A paisano of his down in Guadalajara had a pair of hoodoo
irons stolen out of the Mission where the priests had had them
prospecting for buried treasure. There was an old Mission in
ruins near his home in California, with a lost-mine story going
with it — a mine the fathers had worked a hundred years ago. It
was rich ; the Indians had been seen dog-trotting the ore to the
Mission, several miles away. The padres had guarded the mine,
and, when they went away, had hid it for keeps. No one had
ever found it, although it was no secret there was a mine; every
man in the country, sometime or other, had made a try for it. "
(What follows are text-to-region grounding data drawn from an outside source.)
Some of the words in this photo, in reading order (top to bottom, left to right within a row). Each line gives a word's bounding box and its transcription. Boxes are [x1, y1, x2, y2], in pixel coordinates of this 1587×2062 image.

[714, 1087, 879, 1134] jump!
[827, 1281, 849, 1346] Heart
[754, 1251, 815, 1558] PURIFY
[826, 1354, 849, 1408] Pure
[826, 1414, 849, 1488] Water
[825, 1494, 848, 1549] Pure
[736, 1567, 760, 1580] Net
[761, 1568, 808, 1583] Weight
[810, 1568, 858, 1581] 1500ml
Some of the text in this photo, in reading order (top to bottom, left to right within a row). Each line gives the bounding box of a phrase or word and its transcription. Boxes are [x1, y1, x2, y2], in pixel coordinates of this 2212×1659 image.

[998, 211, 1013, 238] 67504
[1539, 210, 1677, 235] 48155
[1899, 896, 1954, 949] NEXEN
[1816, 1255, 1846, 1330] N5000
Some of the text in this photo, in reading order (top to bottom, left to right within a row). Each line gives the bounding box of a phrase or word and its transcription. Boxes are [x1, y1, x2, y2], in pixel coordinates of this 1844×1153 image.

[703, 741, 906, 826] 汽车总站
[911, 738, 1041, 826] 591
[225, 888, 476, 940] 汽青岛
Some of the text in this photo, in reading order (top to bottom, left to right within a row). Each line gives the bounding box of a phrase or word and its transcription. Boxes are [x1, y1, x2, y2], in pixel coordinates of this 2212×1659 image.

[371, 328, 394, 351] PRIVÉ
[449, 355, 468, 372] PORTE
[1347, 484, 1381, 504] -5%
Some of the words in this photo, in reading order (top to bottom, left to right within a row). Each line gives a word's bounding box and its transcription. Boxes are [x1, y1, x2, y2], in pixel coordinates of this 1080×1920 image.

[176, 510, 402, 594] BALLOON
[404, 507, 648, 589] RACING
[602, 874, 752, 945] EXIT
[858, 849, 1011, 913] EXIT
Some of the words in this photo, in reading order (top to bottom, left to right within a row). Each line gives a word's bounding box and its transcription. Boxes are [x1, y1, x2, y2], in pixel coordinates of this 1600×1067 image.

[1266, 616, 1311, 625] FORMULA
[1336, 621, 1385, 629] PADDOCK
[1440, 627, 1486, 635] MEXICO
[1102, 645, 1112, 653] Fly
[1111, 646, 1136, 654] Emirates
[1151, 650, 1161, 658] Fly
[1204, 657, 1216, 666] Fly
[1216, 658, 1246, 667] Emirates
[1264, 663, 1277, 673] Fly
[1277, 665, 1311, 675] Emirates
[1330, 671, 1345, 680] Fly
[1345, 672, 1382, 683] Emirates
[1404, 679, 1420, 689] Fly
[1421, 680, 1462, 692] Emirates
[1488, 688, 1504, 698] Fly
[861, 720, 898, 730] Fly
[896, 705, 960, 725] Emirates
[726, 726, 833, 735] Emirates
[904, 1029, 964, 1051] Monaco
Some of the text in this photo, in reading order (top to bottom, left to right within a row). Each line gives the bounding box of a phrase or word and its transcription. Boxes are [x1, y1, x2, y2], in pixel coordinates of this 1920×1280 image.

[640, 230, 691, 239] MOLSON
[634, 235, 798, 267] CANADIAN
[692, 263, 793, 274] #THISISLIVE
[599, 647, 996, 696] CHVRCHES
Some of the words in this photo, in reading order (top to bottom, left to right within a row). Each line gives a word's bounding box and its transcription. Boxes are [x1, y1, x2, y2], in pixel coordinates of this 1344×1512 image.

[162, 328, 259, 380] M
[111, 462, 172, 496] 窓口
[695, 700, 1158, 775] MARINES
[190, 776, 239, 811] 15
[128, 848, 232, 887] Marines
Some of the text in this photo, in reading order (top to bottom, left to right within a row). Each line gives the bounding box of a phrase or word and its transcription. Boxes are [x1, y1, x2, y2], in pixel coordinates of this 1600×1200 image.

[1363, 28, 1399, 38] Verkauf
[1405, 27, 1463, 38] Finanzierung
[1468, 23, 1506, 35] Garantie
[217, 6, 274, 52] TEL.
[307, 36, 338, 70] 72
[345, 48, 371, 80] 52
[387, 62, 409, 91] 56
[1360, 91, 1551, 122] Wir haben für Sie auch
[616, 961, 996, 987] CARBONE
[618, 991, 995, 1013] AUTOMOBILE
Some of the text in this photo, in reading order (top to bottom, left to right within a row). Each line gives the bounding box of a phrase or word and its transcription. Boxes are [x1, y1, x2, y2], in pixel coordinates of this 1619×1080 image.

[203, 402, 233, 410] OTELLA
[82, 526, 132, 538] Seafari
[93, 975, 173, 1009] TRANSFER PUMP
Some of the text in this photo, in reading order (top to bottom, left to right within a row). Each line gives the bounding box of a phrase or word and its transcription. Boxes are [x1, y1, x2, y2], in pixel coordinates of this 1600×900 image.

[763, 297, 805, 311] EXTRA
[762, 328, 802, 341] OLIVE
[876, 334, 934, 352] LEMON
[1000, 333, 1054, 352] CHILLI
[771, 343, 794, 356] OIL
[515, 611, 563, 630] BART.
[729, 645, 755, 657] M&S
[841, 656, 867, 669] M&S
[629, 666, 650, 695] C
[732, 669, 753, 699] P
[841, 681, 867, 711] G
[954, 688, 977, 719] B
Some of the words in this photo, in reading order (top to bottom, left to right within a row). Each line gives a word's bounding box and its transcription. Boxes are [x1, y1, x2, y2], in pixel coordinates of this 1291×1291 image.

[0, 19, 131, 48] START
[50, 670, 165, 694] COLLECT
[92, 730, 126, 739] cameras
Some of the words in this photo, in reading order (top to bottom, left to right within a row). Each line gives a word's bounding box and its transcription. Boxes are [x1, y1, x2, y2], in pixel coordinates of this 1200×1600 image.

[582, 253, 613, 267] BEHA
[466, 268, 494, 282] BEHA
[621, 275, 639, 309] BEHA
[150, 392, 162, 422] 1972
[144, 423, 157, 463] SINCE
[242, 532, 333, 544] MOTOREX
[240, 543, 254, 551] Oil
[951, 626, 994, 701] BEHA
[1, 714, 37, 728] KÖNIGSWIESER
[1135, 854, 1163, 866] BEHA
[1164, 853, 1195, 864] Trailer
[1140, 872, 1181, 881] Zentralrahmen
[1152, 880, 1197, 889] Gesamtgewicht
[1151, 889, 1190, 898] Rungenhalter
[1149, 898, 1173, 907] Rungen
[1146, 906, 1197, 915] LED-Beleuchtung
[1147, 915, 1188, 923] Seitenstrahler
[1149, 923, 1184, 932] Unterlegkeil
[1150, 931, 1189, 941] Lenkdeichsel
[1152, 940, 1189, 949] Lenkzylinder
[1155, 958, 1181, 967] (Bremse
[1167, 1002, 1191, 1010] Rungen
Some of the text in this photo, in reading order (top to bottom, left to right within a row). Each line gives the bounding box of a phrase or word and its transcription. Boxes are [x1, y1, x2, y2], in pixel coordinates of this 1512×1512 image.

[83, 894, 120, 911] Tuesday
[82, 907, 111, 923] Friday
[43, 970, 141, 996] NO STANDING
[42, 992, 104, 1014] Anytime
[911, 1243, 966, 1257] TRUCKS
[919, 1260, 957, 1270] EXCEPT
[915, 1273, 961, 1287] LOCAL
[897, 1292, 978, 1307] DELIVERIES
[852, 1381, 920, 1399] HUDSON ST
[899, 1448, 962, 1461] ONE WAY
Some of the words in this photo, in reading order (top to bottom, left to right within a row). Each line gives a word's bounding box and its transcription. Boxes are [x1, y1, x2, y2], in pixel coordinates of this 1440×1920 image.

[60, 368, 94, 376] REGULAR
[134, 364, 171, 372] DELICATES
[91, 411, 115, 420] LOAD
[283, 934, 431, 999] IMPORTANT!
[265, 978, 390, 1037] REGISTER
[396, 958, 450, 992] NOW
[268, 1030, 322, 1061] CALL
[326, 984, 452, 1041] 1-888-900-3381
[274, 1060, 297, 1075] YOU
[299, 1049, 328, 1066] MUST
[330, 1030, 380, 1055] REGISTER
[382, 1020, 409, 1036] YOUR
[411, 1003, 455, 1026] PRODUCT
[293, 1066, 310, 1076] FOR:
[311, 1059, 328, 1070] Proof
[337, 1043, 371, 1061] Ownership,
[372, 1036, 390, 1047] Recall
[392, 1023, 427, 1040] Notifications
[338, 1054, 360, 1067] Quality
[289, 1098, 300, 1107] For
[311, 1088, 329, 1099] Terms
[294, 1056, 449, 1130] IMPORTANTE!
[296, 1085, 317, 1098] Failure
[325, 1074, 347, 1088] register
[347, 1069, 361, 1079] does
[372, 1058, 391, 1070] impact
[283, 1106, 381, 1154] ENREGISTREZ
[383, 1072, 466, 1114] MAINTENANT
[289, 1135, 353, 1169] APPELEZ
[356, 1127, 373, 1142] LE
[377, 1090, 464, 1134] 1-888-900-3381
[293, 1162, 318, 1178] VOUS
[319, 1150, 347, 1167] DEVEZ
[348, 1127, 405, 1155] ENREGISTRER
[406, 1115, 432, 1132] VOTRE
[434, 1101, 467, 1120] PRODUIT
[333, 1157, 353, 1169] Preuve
In Tonto Basin, when I was a boy," says Scotty, ''there was
a man could locate silver nuggets with the hoodoo-stick, every
time. There's something in it; there's something inside of a
man that gets the hunch, and works the stick for him. These
old priests in Guadalajara had the same notion — and they're
dead onto their job, pardner. "
It was toward the full of the moon, and in order to be secret
and mysterious about it, we did our spook prospecting at night.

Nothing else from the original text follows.